The next morning, we were greeted with great coffee in the main lodge. Costa Rica and its long-time coffee rival, Guatemala, are constantly vying for the best coffee in Central America. The two countries are separated by Nicaragua, and it is hard to say which is better. I have had both many times and it is a question of personal taste. If there is any difference, the Costa Rican coffee is probably bolder and stronger.

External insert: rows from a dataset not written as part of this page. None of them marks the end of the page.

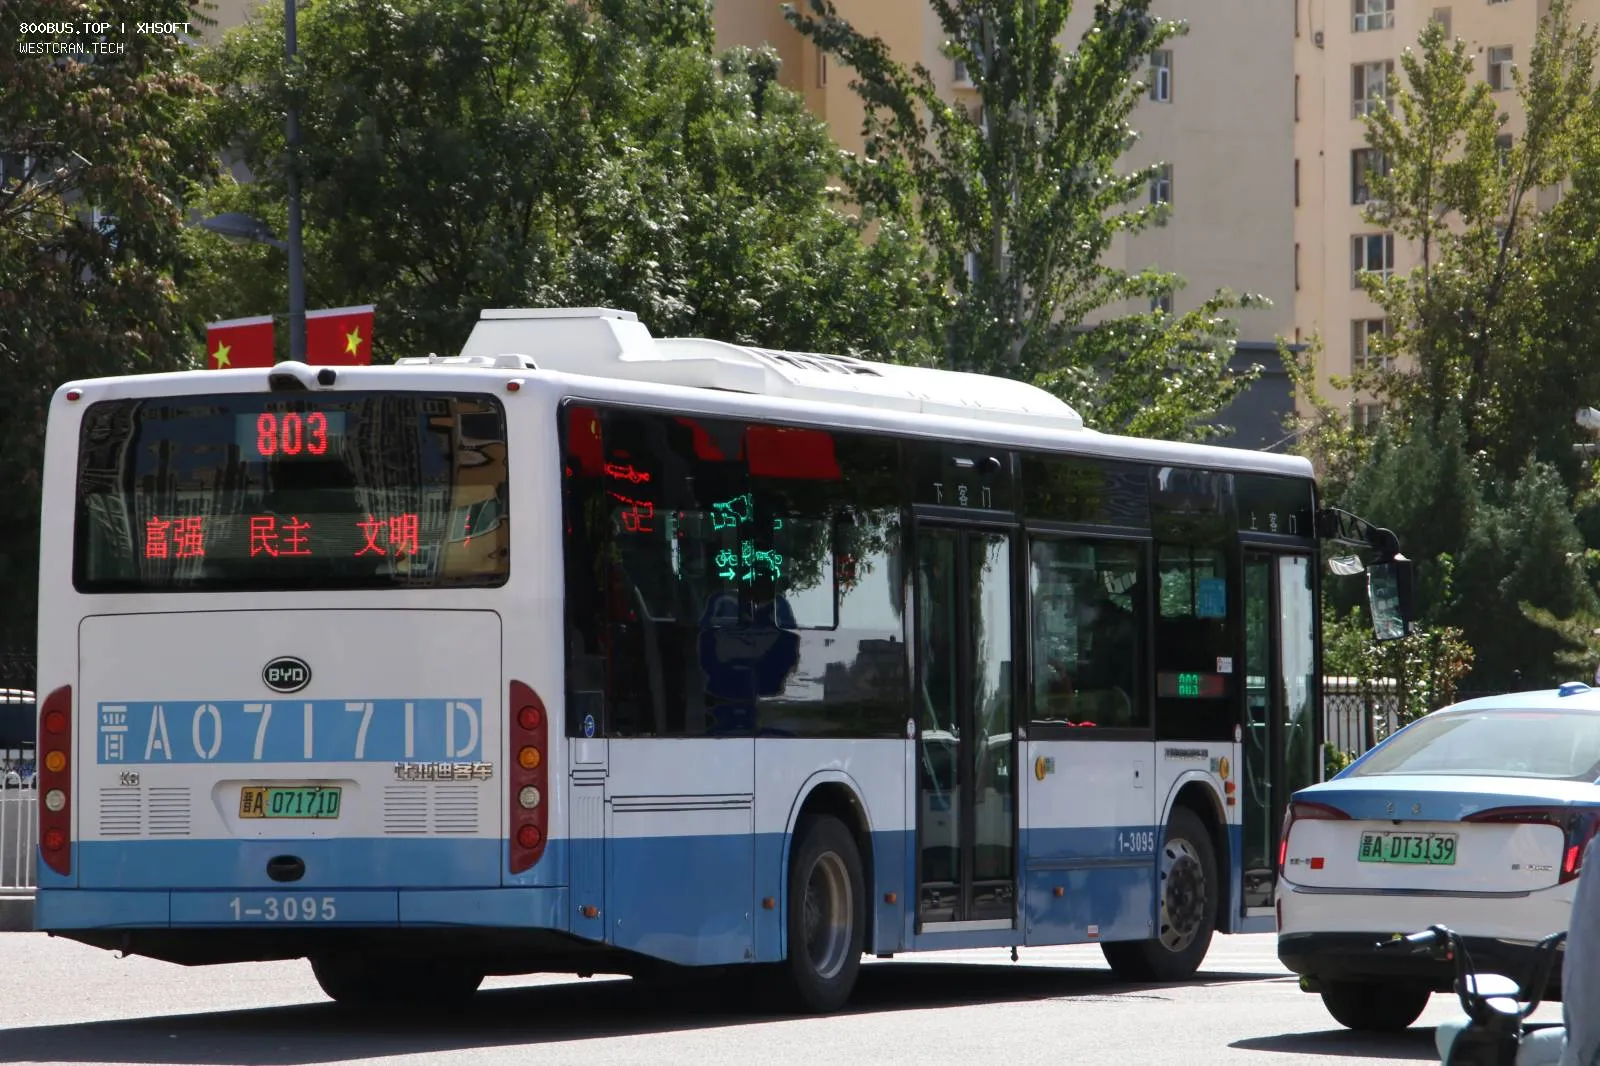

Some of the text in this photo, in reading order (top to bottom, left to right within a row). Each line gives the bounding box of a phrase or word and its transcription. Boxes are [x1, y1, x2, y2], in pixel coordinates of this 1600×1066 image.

[256, 411, 328, 456] 803
[933, 482, 992, 508] 下客门
[145, 516, 205, 560] 富强
[250, 515, 312, 557] 民主
[354, 513, 418, 557] 文明
[268, 668, 303, 682] BYD
[1118, 831, 1154, 853] 1-3095
[229, 896, 336, 921] 1-3095

After breakfast, our young guide took us out into the jungle on foot. Both of us wore open sandals and afterwards we realized he should probably have told us to wear hiking boots like he did, but if the message of his boots wasn’t clear enough, what can one expect from crazy Americans. He also carried a large machete to hack at some huge leaves and bushes restricting our access on the narrow path ahead of us. The cacophony of exotic birds surrounded us and the mischievous monkeys were staring at us from the canopy of enormous trees above. A large hairy spider was sitting in the middle of a leaf at eye level, and I was intrigued by sounds of larger animals up ahead. Our guide stopped to explain something to my wife, and I went ahead around him to check out a sloth in a tree. A few steps further and I happened to look down at a slight movement and there it was: a remarkably distinctive snake in a combination of black, white, and pale yellow was curled up right in front of me in the middle of the path. Immediately I pulled out my camera and began to click away. I had taken several great shots before our guide stopped behind me, put his hand gently on my shoulder and tried to pull me back with great caution. Whispering softly he said to move backwards carefully without any abrupt movements. To my surprise he seemed genuinely afraid of the snake. Once we had moved a safe distance away, he explained that this was the extremely dangerous “Fer-de-lance,” the deadliest snake in Central America. The snake is not afraid of humans and attacks aggressively when it sees a possible prey. The guide said we could go no further on our original path, because the snake would wait for a possibility to attack upon our return. I don’t know if that was a bit melodramatic, but we were not going to contest his advice. Apparently, the snake seeks warm blood to hunt and after the bite your blood coagulates and breaks down capillary walls. There might be some chance of survival with medical help at a hospital within four hours. But one is not likely to get such help here in the middle of nowhere. That evening we enjoyed an early dinner complimented by a spectacular sunset and decided to spend the next day relaxing at the swimming pool as we planned our journey onwards after exiting the Osa Peninsula.